Son olarak, dirençli bir toplu taşıma sistemi oluşturmanın yalnızca teknik ve teknolojik çözümlerle sınırlı olmadığını, aynı zamanda toplumsal ve yönetsel düzeyde de güçlü bir iş birliğini gerektirdiğini unutmamak gerekir. Toplumun tüm kesimlerinin ihtiyaçlarını gözeten, kapsayıcı bir planlama süreci oluşturulmalı ve afet anlarında hizmetin sürekliliği garanti altına alınmalıdır.

 

Uygulama Örnekleri


1) Dirençli toplu taşıma sistemleri oluşturma yolunda, çeşitli şehirler farklı stratejiler ve yenilikçi çözümler kullanarak başarıya ulaşmıştır. Örneğin, Stockholm ve Västtrafik gibi İsveç'teki toplu taşıma idareleri, enerji stratejilerini revize ederek filolarında yenilenebilir yakıt kullanımını artırmış ve böylece CO2 emisyonlarını %60-67 oranında azaltmıştır.



2) Tokyo, çeşitli iklim tehlikelerine (fırtına, sel, deprem ve volkanik patlamalar) karşı savunmasız bir şehir olmasına rağmen, gelecekteki olası risklere karşı önlem almak amacıyla “Dirençli Tokyo” projesini başlattı. Bu proje, 2040 yılına kadar iklim değişikliğinin etkilerine uyum sağlamak ve şehir sakinlerine "önümüzdeki 100 yıl boyunca huzur" vaat etmek amacıyla kapsamlı bir yol haritası sunuyor. Proje kapsamında hem altyapısal hem de teknolojik dirençlilik stratejileri uygulanıyor.


Altyapısal dirençlilik önlemleri arasında, deniz duvarlarının yüksekliğinin artırılması, yangına dayanıklı koruma alanlarının oluşturulması ve yağmur suyu depolama kapasitesinin genişletilmesi yer alıyor.
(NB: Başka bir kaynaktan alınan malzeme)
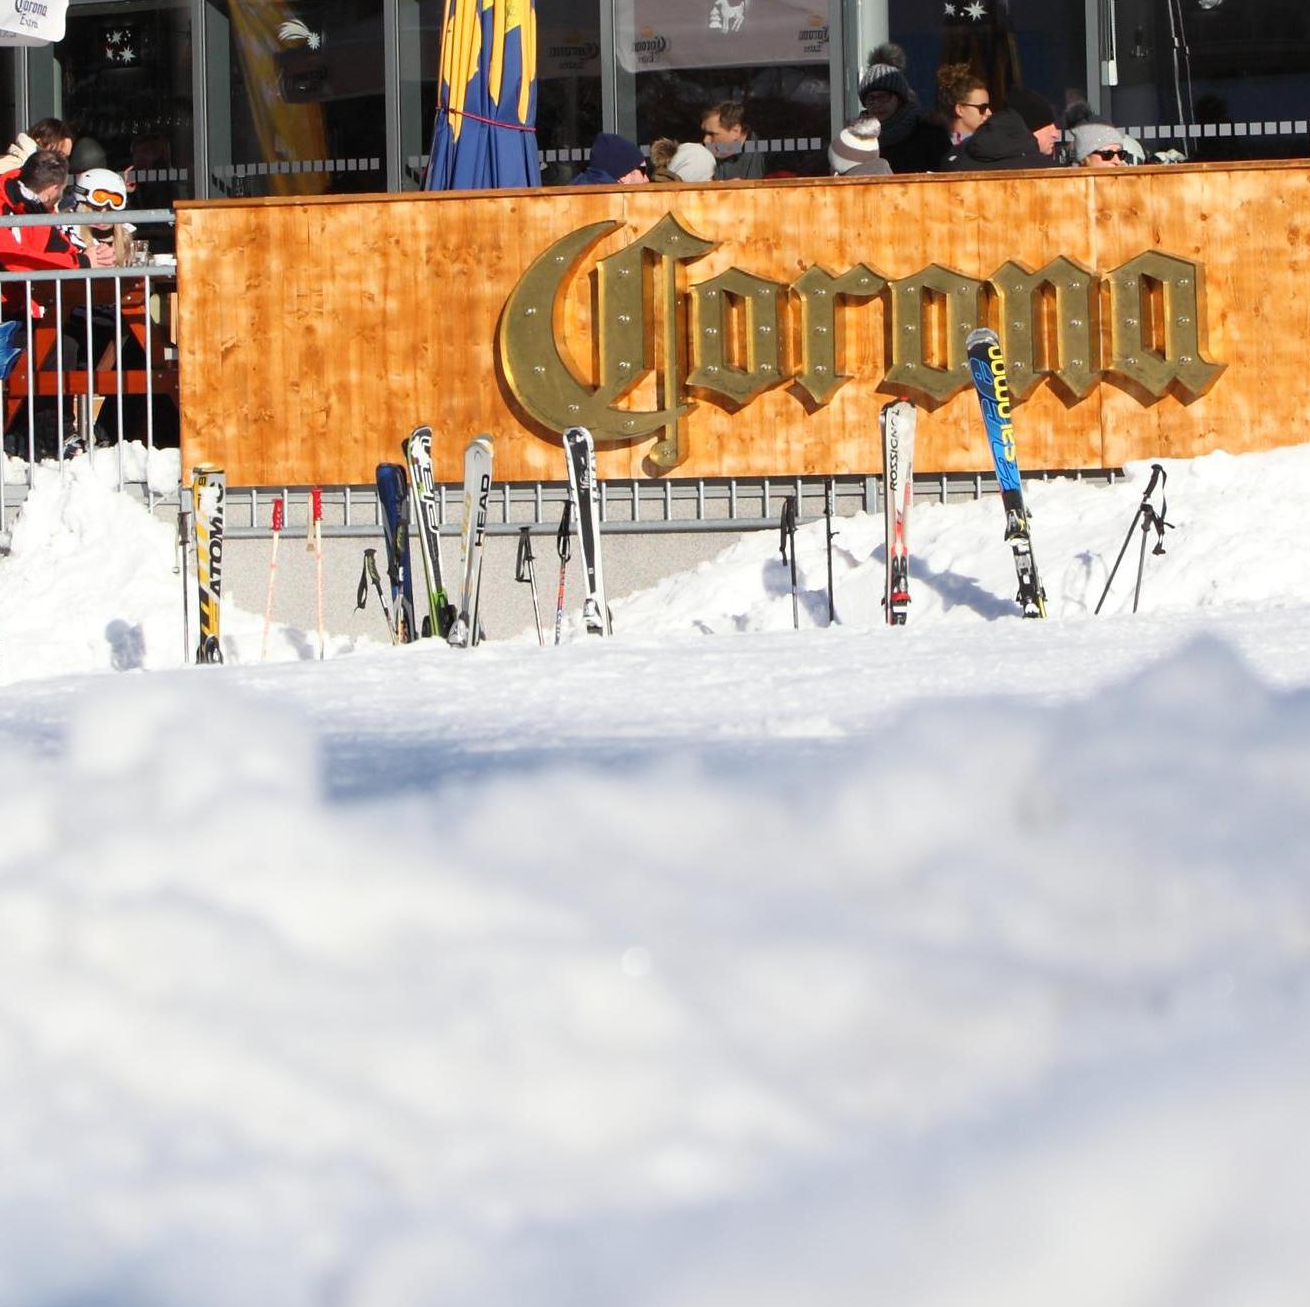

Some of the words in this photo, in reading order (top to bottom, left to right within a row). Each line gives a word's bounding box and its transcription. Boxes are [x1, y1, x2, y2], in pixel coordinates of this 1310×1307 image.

[498, 211, 1228, 467] Corona
[988, 346, 1016, 462] salomon
[209, 481, 224, 599] ATOMC
[475, 474, 490, 547] HEAD
Teknolojik dirençlilik stratejileri ise yapay zeka tabanlı su seviyesi tahmin sistemlerinin geliştirilmesi, risk altındaki yapıları tespit etmek için uydu verilerinden yararlanılması ve deniz seviyesi verilerinin anlık iletimi gibi uygulamaları içeriyor. Ek olarak, yağış yoğunluğunu 150 metrelik ızgara hücreler halinde gösteren ve kullanıcıları renk kodları ile bilgilendiren mobil uygulamalar kullanılıyor. Bu stratejiler, olası afet durumlarında hızlı tahliyeler ve etkin müdahaleler yapılmasını sağlıyor.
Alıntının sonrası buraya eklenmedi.